I never fought anybody until I was in my late twenties. It wasn’t much of a fight. My wife and I had just started dating. A man pushed past her in a bar, spilled half his beer down her shirt, and said, “Watch it, cunt!” I pushed him in the chest and knocked him to the floor. He was drunk, and smaller than me, and the truth is I probably wouldn’t have touched him if he’d been big and sober. But he bounced right back up and came after me anyway, and his wedding ring sliced a gash into my cheek.

My wife drove me to the hospital and said if I ever did something like that again she’d stop seeing me.

Near morning, my son tires himself out, still wearing his cowboy clothes. I take off his hat and boots and lay him down on his bed over the covers. I sit back in the rocking chair and watch him, thinking about what he would look like going to school dressed like that. Maybe it wouldn’t be so bad. Maybe the other kids wouldn’t even care. I’m probably worrying over nothing.

The other fathers I see seem to have all the answers, even if their answers are wrong. They’re like grown-up five-year-olds, so certain about the world. I don’t have answers for anything. I have nothing to tell my son about what it means to be a man.

~

Over breakfast, we compromise. He can wear the boots and vest and kerchief, but not the hat or holster or gun.

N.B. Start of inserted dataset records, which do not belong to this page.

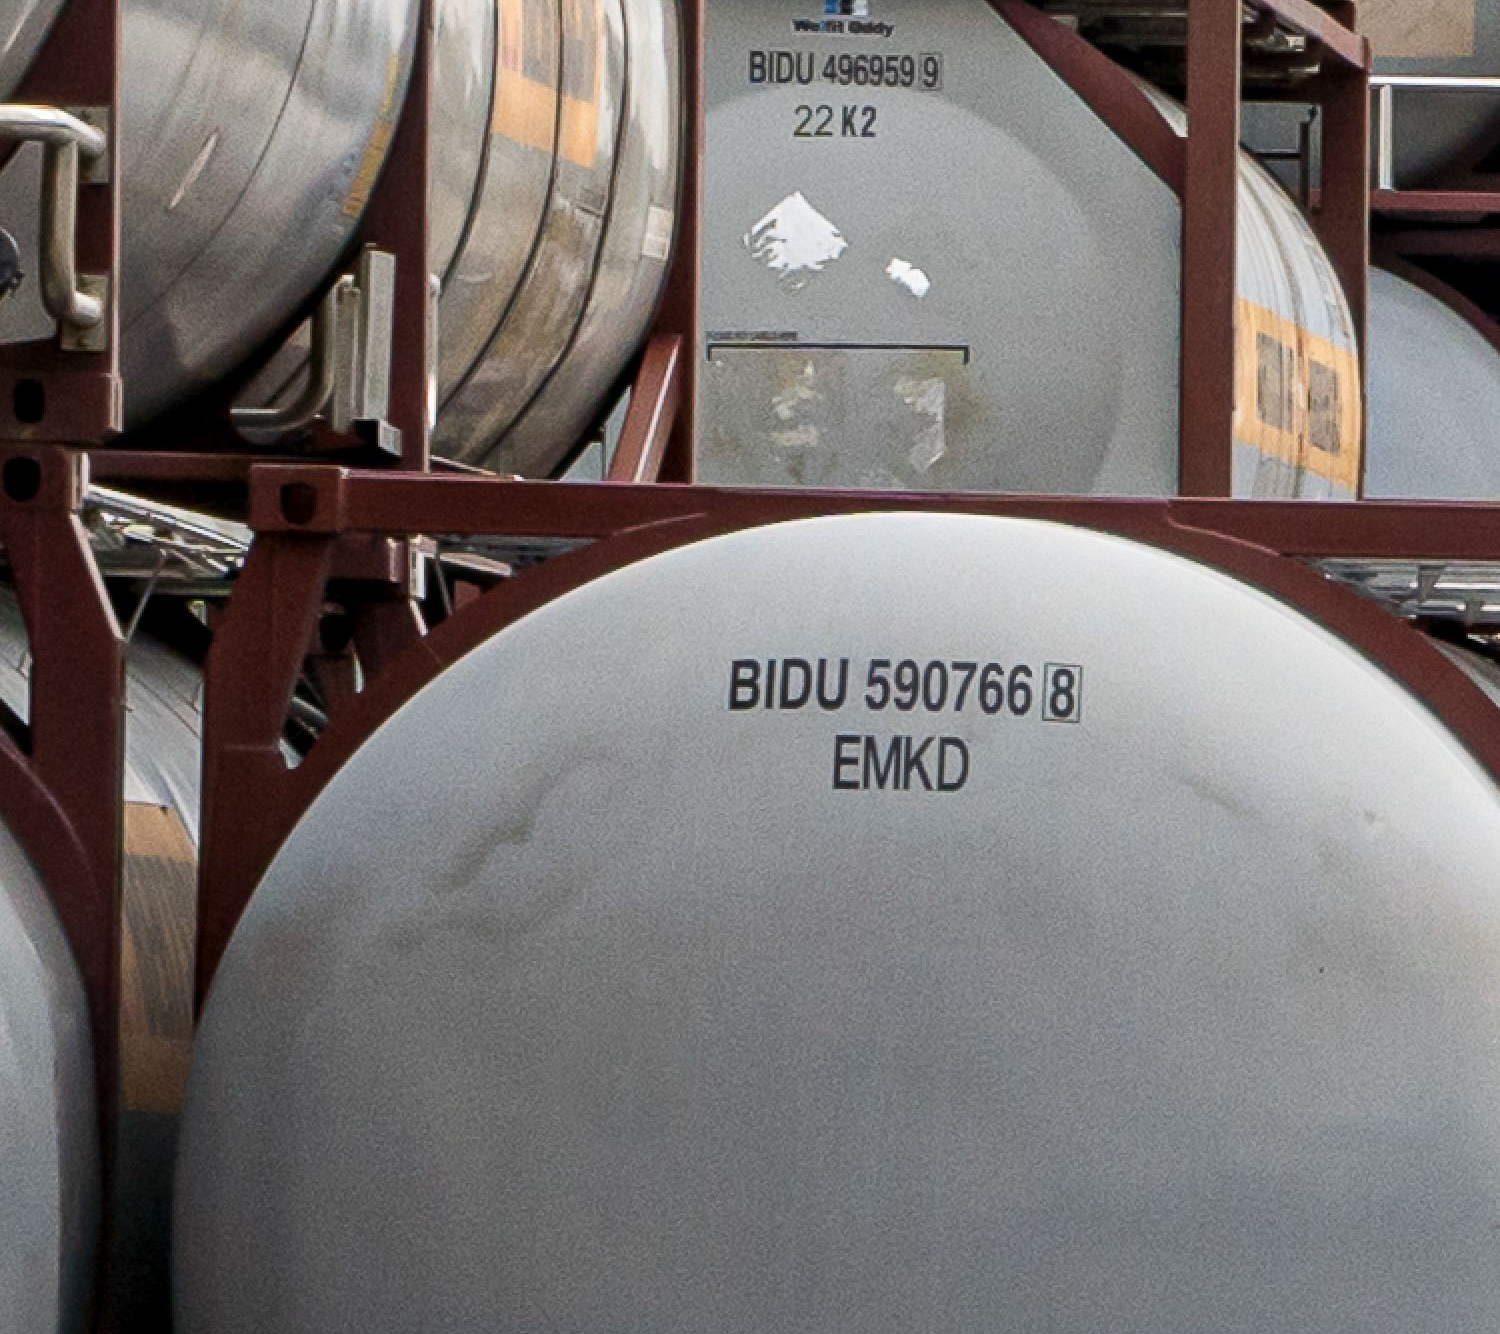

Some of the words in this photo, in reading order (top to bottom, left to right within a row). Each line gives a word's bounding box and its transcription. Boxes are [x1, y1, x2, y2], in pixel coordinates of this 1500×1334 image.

[749, 51, 815, 84] BIDU
[822, 54, 916, 87] 496959
[921, 54, 940, 88] 9
[727, 657, 850, 711] BIDU
[864, 658, 1033, 715] 590766
[1047, 667, 1077, 719] 8
[833, 734, 970, 791] EMKD

I drop him off at school, and then I circle the block and park across the street from the playground where the kids play until it’s time to go inside. This is what I do when I have time before work starts. I sit and watch without him knowing.

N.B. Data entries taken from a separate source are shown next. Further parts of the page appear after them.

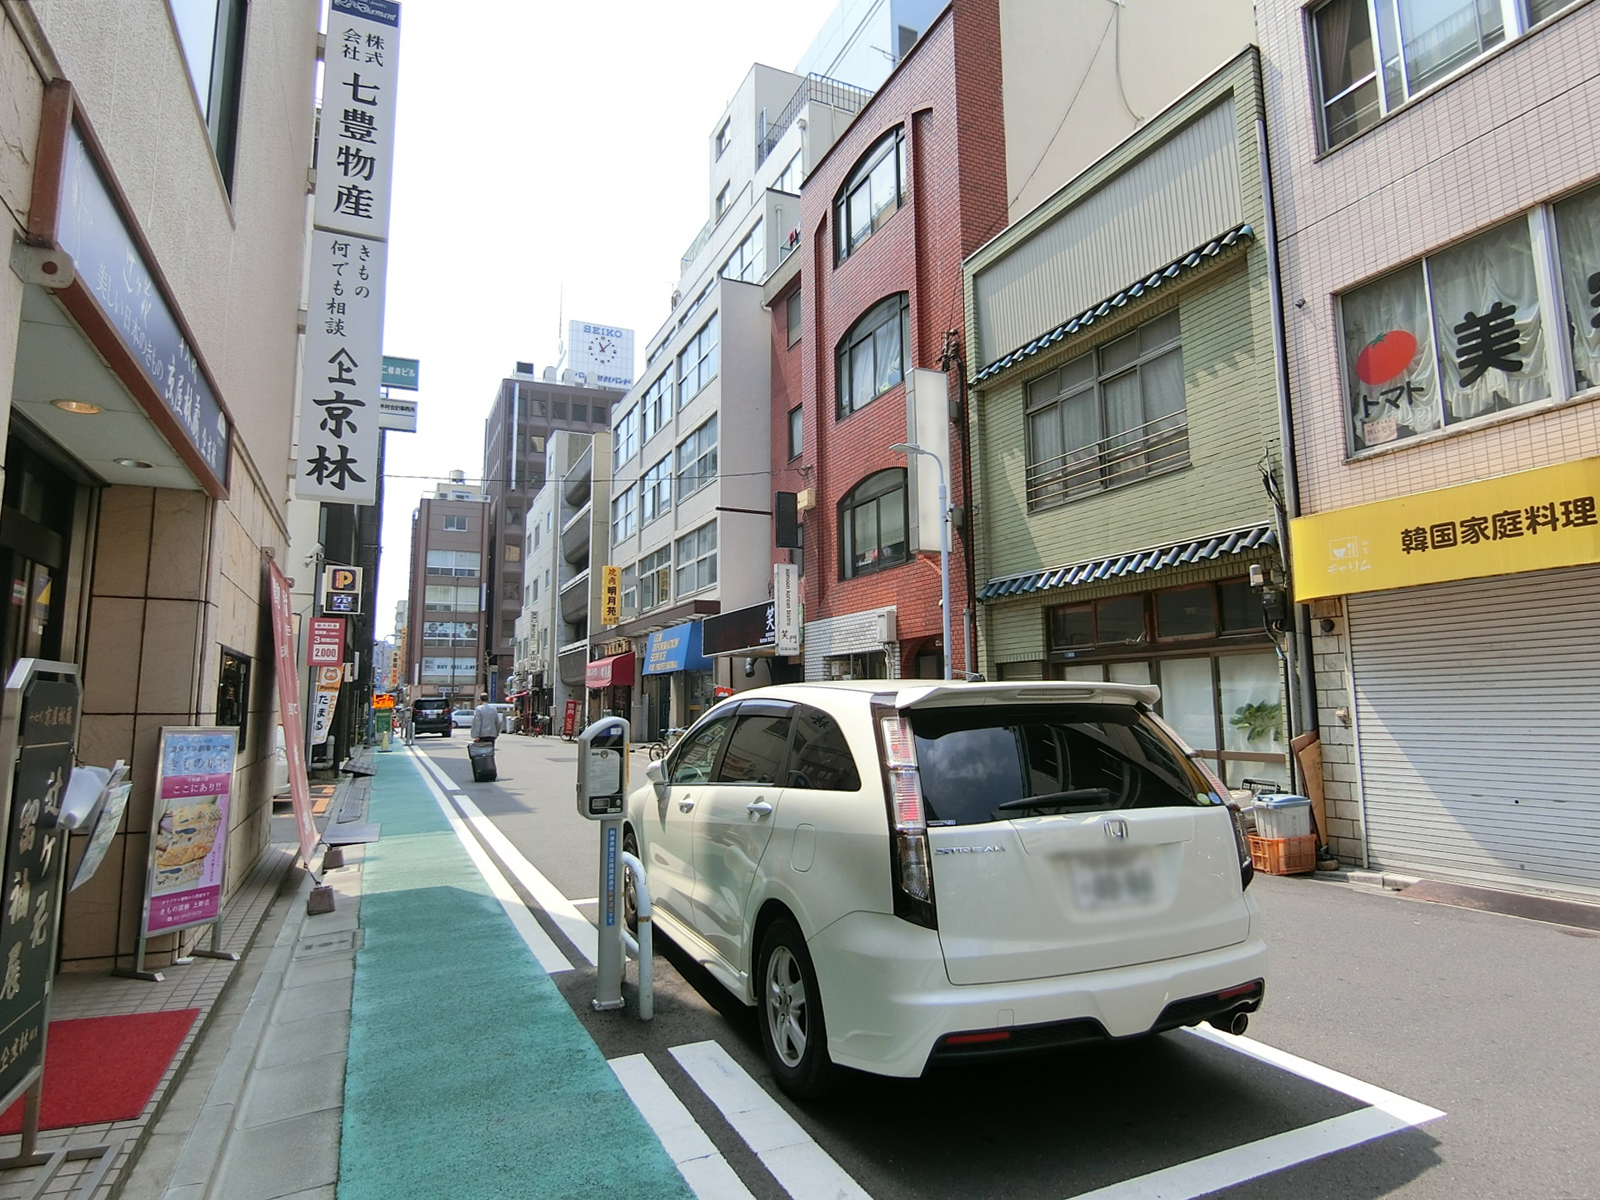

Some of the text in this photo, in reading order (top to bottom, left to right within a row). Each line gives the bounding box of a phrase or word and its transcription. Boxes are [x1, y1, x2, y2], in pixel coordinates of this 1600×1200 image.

[333, 72, 381, 220] 七豊物産
[325, 239, 352, 338] 何でも相談
[354, 244, 371, 299] きもの
[583, 325, 623, 338] SEIKO
[1453, 301, 1523, 389] 美
[1362, 380, 1425, 419] トマト
[1400, 496, 1598, 555] 韓国家庭料理
[332, 594, 352, 611] 空
[607, 586, 617, 617] 明月苑
[314, 695, 329, 731] たまる
[934, 844, 1007, 856] STREAM

My son lingers along the fence for a moment, the other kids bouncing around him like charged atoms. He starts to take a step forward, and then he stops himself. He bends down and opens his backpack, and I think for a moment that he’s brought the toy gun, and my hand goes to the door handle. But he doesn’t take anything out of the bag. Instead, he opens it up and takes off his vest and carefully folds it and puts it inside, and then does the same with the neck scarf. A tightness I hadn’t noticed in my chest loosens, and I pull out of my parking spot and begin to drive away.

At the light, I steal a glance over my shoulder. My son has joined a group of boys, and one of them—a big kid with a bowl cut—says something and gestures wildly, and my son’s face changes. His mouth is open, and he’s squinting, and from this distance I can’t tell whether he’s laughing or crying.

I don’t want to know which it is, because if I know, I won’t be able to help myself. I’ll park the car and get out and run to him, and it won’t make anything better.

If there’s a way to make things better, I don’t know it.

The light turns green, and I ease off the brake.